Give back all of the records exactly.

____ Material shown

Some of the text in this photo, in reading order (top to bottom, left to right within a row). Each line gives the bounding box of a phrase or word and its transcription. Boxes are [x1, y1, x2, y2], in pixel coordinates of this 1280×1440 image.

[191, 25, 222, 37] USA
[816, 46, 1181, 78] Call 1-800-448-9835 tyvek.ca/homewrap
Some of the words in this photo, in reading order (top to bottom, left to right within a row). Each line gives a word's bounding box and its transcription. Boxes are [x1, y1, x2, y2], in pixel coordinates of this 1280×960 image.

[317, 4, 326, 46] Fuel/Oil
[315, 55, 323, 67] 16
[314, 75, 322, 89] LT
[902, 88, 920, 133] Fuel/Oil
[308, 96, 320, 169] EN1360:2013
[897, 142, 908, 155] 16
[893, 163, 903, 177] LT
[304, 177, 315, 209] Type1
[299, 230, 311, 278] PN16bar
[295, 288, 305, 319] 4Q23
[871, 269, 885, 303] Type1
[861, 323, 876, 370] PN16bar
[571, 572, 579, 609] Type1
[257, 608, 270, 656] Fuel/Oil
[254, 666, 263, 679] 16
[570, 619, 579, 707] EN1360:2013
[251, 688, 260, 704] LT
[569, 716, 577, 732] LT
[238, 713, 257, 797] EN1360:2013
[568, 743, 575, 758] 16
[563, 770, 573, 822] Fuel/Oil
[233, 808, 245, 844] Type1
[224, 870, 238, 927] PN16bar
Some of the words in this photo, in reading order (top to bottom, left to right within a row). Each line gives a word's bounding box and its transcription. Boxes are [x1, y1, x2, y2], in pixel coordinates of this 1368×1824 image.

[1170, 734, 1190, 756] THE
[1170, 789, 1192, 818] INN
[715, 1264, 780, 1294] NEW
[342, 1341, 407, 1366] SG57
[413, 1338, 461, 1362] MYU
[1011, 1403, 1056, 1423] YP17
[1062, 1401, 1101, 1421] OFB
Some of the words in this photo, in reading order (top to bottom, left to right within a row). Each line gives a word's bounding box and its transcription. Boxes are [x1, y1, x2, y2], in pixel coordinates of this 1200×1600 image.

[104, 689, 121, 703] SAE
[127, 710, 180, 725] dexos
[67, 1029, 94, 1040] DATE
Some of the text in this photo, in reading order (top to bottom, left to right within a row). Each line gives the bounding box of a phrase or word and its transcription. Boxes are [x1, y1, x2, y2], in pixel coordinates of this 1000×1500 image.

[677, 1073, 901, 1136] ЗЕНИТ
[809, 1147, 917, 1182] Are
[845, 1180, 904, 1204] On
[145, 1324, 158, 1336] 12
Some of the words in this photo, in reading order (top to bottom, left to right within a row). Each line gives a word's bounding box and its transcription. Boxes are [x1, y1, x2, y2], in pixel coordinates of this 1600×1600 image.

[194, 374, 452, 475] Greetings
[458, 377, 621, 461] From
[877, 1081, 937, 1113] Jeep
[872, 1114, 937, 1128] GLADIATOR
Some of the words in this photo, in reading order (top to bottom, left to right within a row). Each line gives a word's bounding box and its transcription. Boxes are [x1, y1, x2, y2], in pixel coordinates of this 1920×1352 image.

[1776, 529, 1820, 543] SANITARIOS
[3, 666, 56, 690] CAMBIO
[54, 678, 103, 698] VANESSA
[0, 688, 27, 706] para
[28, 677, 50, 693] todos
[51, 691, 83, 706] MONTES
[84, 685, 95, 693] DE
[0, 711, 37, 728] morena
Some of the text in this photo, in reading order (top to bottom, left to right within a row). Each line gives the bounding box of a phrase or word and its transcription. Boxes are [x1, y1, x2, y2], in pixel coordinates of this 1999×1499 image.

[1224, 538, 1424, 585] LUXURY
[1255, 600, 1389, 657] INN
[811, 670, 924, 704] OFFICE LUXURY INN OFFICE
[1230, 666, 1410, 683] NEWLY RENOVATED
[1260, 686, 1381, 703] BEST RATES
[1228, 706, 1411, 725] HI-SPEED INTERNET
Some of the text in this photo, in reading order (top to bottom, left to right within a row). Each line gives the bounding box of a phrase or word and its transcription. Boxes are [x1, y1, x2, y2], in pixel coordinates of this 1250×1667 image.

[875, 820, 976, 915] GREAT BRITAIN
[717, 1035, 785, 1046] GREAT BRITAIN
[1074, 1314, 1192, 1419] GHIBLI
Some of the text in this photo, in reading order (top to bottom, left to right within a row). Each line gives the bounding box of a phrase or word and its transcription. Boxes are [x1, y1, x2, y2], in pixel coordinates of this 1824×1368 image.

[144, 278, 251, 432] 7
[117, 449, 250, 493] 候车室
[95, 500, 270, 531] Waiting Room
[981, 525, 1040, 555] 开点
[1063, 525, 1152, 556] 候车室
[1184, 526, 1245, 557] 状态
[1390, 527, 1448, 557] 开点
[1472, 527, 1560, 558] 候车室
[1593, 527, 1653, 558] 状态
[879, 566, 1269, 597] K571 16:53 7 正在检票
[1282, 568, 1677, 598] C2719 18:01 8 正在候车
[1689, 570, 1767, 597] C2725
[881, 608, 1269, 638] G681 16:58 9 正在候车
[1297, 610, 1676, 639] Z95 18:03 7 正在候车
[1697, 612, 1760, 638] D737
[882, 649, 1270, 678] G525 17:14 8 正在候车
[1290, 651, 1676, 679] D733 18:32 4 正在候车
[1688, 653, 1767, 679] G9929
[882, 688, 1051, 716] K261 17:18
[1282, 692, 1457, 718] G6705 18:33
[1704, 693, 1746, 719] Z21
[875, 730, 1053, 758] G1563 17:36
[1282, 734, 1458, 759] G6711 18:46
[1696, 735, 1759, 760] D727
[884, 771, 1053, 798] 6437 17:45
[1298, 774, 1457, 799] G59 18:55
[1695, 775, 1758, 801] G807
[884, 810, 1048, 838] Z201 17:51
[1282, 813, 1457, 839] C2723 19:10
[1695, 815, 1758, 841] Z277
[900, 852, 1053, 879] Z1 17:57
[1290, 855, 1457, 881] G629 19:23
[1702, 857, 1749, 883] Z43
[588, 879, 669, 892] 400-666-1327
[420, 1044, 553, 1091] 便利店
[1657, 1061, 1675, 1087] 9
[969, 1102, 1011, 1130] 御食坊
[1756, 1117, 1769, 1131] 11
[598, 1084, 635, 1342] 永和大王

________

__Exercise solution__
Some of the text in this photo, in reading order (top to bottom, left to right within a row). Each line gives the bounding box of a phrase or word and its transcription. Boxes are [x1, y1, x2, y2], in pixel coordinates of this 1280×1440 image.

[191, 25, 222, 37] USA
[816, 46, 1181, 78] Call 1-800-448-9835 tyvek.ca/homewrap
Some of the words in this photo, in reading order (top to bottom, left to right within a row). Each line gives a word's bounding box and its transcription. Boxes are [x1, y1, x2, y2], in pixel coordinates of this 1280×960 image.

[317, 4, 326, 46] Fuel/Oil
[315, 55, 323, 67] 16
[314, 75, 322, 89] LT
[902, 88, 920, 133] Fuel/Oil
[308, 96, 320, 169] EN1360:2013
[897, 142, 908, 155] 16
[893, 163, 903, 177] LT
[304, 177, 315, 209] Type1
[299, 230, 311, 278] PN16bar
[295, 288, 305, 319] 4Q23
[871, 269, 885, 303] Type1
[861, 323, 876, 370] PN16bar
[571, 572, 579, 609] Type1
[257, 608, 270, 656] Fuel/Oil
[254, 666, 263, 679] 16
[570, 619, 579, 707] EN1360:2013
[251, 688, 260, 704] LT
[569, 716, 577, 732] LT
[238, 713, 257, 797] EN1360:2013
[568, 743, 575, 758] 16
[563, 770, 573, 822] Fuel/Oil
[233, 808, 245, 844] Type1
[224, 870, 238, 927] PN16bar
Some of the words in this photo, in reading order (top to bottom, left to right within a row). Each line gives a word's bounding box and its transcription. Boxes are [x1, y1, x2, y2], in pixel coordinates of this 1368×1824 image.

[1170, 734, 1190, 756] THE
[1170, 789, 1192, 818] INN
[715, 1264, 780, 1294] NEW
[342, 1341, 407, 1366] SG57
[413, 1338, 461, 1362] MYU
[1011, 1403, 1056, 1423] YP17
[1062, 1401, 1101, 1421] OFB
Some of the words in this photo, in reading order (top to bottom, left to right within a row). Each line gives a word's bounding box and its transcription. Boxes are [x1, y1, x2, y2], in pixel coordinates of this 1200×1600 image.

[104, 689, 121, 703] SAE
[127, 710, 180, 725] dexos
[67, 1029, 94, 1040] DATE
Some of the text in this photo, in reading order (top to bottom, left to right within a row). Each line gives the bounding box of a phrase or word and its transcription. Boxes are [x1, y1, x2, y2], in pixel coordinates of this 1000×1500 image.

[677, 1073, 901, 1136] ЗЕНИТ
[809, 1147, 917, 1182] Are
[845, 1180, 904, 1204] On
[145, 1324, 158, 1336] 12
Some of the words in this photo, in reading order (top to bottom, left to right within a row). Each line gives a word's bounding box and its transcription. Boxes are [x1, y1, x2, y2], in pixel coordinates of this 1600×1600 image.

[194, 374, 452, 475] Greetings
[458, 377, 621, 461] From
[877, 1081, 937, 1113] Jeep
[872, 1114, 937, 1128] GLADIATOR
Some of the words in this photo, in reading order (top to bottom, left to right within a row). Each line gives a word's bounding box and its transcription. Boxes are [x1, y1, x2, y2], in pixel coordinates of this 1920×1352 image.

[1776, 529, 1820, 543] SANITARIOS
[3, 666, 56, 690] CAMBIO
[54, 678, 103, 698] VANESSA
[0, 688, 27, 706] para
[28, 677, 50, 693] todos
[51, 691, 83, 706] MONTES
[84, 685, 95, 693] DE
[0, 711, 37, 728] morena
Some of the text in this photo, in reading order (top to bottom, left to right within a row). Each line gives the bounding box of a phrase or word and its transcription. Boxes are [x1, y1, x2, y2], in pixel coordinates of this 1999×1499 image.

[1224, 538, 1424, 585] LUXURY
[1255, 600, 1389, 657] INN
[811, 670, 924, 704] OFFICE LUXURY INN OFFICE
[1230, 666, 1410, 683] NEWLY RENOVATED
[1260, 686, 1381, 703] BEST RATES
[1228, 706, 1411, 725] HI-SPEED INTERNET
Some of the text in this photo, in reading order (top to bottom, left to right within a row). Each line gives the bounding box of a phrase or word and its transcription. Boxes are [x1, y1, x2, y2], in pixel coordinates of this 1250×1667 image.

[875, 820, 976, 915] GREAT BRITAIN
[717, 1035, 785, 1046] GREAT BRITAIN
[1074, 1314, 1192, 1419] GHIBLI
Some of the text in this photo, in reading order (top to bottom, left to right within a row). Each line gives the bounding box of a phrase or word and its transcription. Boxes are [x1, y1, x2, y2], in pixel coordinates of this 1824×1368 image.

[144, 278, 251, 432] 7
[117, 449, 250, 493] 候车室
[95, 500, 270, 531] Waiting Room
[981, 525, 1040, 555] 开点
[1063, 525, 1152, 556] 候车室
[1184, 526, 1245, 557] 状态
[1390, 527, 1448, 557] 开点
[1472, 527, 1560, 558] 候车室
[1593, 527, 1653, 558] 状态
[879, 566, 1269, 597] K571 16:53 7 正在检票
[1282, 568, 1677, 598] C2719 18:01 8 正在候车
[1689, 570, 1767, 597] C2725
[881, 608, 1269, 638] G681 16:58 9 正在候车
[1297, 610, 1676, 639] Z95 18:03 7 正在候车
[1697, 612, 1760, 638] D737
[882, 649, 1270, 678] G525 17:14 8 正在候车
[1290, 651, 1676, 679] D733 18:32 4 正在候车
[1688, 653, 1767, 679] G9929
[882, 688, 1051, 716] K261 17:18
[1282, 692, 1457, 718] G6705 18:33
[1704, 693, 1746, 719] Z21
[875, 730, 1053, 758] G1563 17:36
[1282, 734, 1458, 759] G6711 18:46
[1696, 735, 1759, 760] D727
[884, 771, 1053, 798] 6437 17:45
[1298, 774, 1457, 799] G59 18:55
[1695, 775, 1758, 801] G807
[884, 810, 1048, 838] Z201 17:51
[1282, 813, 1457, 839] C2723 19:10
[1695, 815, 1758, 841] Z277
[900, 852, 1053, 879] Z1 17:57
[1290, 855, 1457, 881] G629 19:23
[1702, 857, 1749, 883] Z43
[588, 879, 669, 892] 400-666-1327
[420, 1044, 553, 1091] 便利店
[1657, 1061, 1675, 1087] 9
[969, 1102, 1011, 1130] 御食坊
[1756, 1117, 1769, 1131] 11
[598, 1084, 635, 1342] 永和大王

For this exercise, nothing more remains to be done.